Try it:
The whole listing, apart from its images, should be restated word for word.

Exercise input:
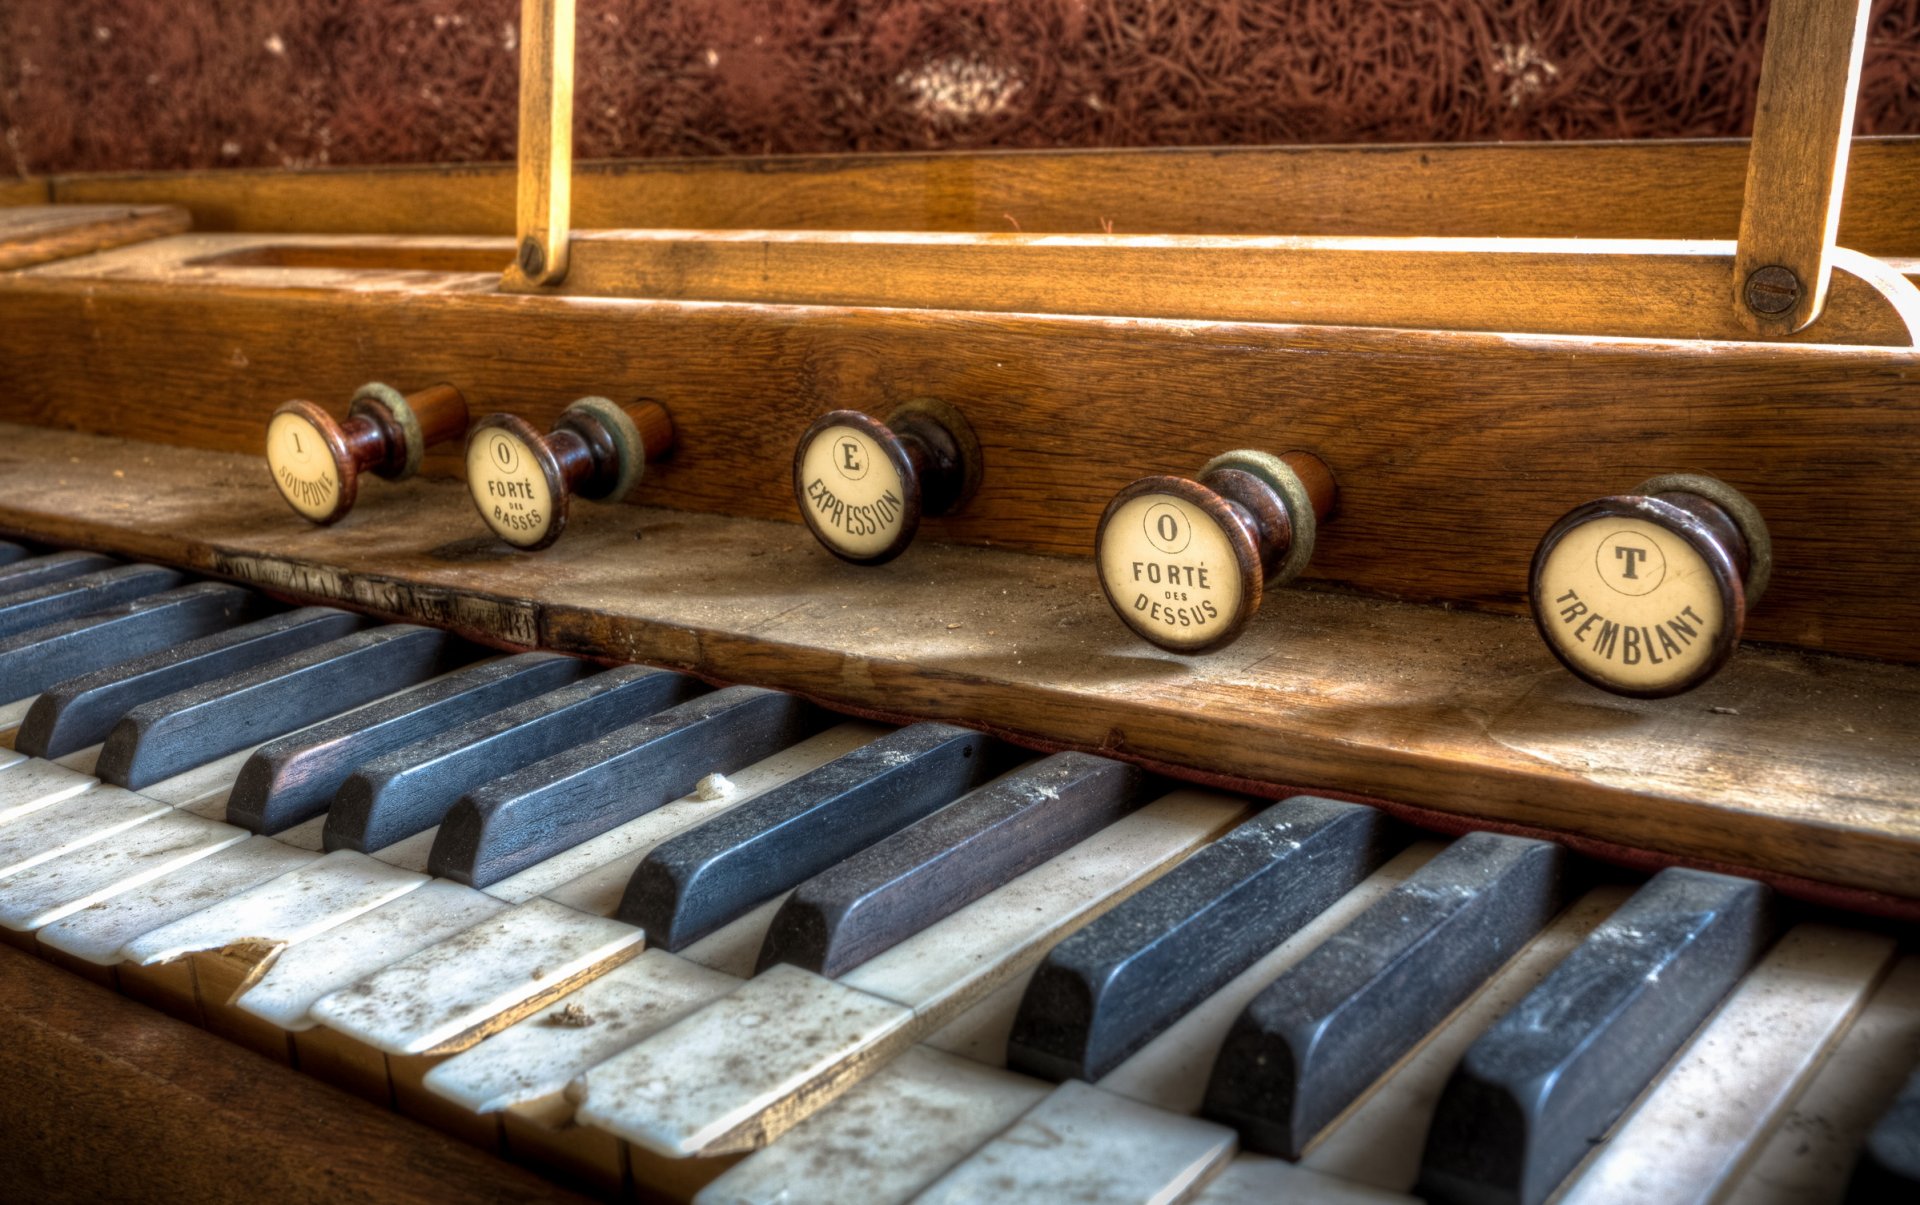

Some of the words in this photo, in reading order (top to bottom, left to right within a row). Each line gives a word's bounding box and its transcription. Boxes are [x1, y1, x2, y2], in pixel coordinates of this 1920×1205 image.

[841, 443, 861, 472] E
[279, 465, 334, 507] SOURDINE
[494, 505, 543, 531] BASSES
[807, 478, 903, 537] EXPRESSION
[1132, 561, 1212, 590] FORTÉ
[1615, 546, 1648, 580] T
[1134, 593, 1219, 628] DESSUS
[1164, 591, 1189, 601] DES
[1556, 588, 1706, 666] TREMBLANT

Exercise response:
Some of the words in this photo, in reading order (top to bottom, left to right within a row). Each line gives a word's bounding box and its transcription. Boxes are [x1, y1, x2, y2], in pixel coordinates of this 1920×1205 image.

[841, 443, 861, 472] E
[279, 465, 334, 507] SOURDINE
[494, 505, 543, 531] BASSES
[807, 478, 903, 537] EXPRESSION
[1132, 561, 1212, 590] FORTÉ
[1615, 546, 1648, 580] T
[1134, 593, 1219, 628] DESSUS
[1164, 591, 1189, 601] DES
[1556, 588, 1706, 666] TREMBLANT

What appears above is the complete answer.